Question I: With regards to computational runtime – given some large matrix A, which is the fastest way to calculate the inverse:
I. Calculating the inverse of some matrix A using row reduction, without using any orthonormal transformation.
II. Using Gram-Schmidt to calculate orthonormal matrix, then calculating the inverse by transposing, i.e. $Q^T = Q^{-1}$.
I am sure (II) is faster, but is it practical in applications like regression analysis to always use this shortcut? For example, we know that Ordinary Least Squares (OLS) has the closed form solution:
$$y=(A^TA)^{-1}A^T-b$$
But, can we retain the accuracy of our solution for y and improve of computational run-time by finding the orthonormal matrix first?

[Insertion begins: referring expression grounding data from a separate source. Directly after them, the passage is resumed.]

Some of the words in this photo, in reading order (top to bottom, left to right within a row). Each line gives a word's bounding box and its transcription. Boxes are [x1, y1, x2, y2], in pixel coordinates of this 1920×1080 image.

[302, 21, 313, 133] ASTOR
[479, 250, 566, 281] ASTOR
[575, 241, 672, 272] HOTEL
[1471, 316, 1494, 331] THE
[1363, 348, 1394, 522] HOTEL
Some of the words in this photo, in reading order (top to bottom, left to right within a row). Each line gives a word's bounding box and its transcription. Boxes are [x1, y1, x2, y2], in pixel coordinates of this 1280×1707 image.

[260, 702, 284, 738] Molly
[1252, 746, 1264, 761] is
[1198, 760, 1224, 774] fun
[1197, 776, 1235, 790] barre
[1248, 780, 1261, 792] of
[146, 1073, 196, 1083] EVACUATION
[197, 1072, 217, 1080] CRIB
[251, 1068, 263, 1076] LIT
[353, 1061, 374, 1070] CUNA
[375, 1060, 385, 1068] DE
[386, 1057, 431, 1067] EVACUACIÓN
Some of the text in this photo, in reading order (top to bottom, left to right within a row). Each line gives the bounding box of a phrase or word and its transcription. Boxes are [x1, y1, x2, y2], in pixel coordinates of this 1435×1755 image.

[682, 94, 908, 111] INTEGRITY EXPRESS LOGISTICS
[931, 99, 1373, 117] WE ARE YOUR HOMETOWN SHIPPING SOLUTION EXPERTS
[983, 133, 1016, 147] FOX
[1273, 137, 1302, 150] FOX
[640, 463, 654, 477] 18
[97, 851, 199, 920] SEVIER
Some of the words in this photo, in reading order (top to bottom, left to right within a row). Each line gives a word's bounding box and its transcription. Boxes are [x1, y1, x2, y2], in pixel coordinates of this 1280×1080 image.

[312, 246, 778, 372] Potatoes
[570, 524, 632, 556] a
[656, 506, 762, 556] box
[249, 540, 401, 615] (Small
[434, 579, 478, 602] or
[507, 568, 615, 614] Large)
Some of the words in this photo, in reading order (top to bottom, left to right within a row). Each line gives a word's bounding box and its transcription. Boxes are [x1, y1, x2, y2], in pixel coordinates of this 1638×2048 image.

$$make\_matrix\_orthonormal(A)$$ $$y=(A^TA)^{-1}A^T-b$$ $$=(A^{-1}A)^{-1}A^{-1}-b$$ $$=(I)^{-1}A^{-1}-b$$ $$=(I)A^{-1}-b$$ $$=A^{T}-b$$
Question II:
a. Is there any downside for always using the orthonormal matrix in regression analysis to avoid ever having to calculate the more computationally burdensome inverse, or do we loose something like accuracy?
b. Am I wrong in thinking that orthonormal matrixes should be used for reducing runtime.
c. What are some data-science algorithms capitalize on this $Q^T = Q^{-1}$ property, and use Gram-Schmidt first to reduce runtime?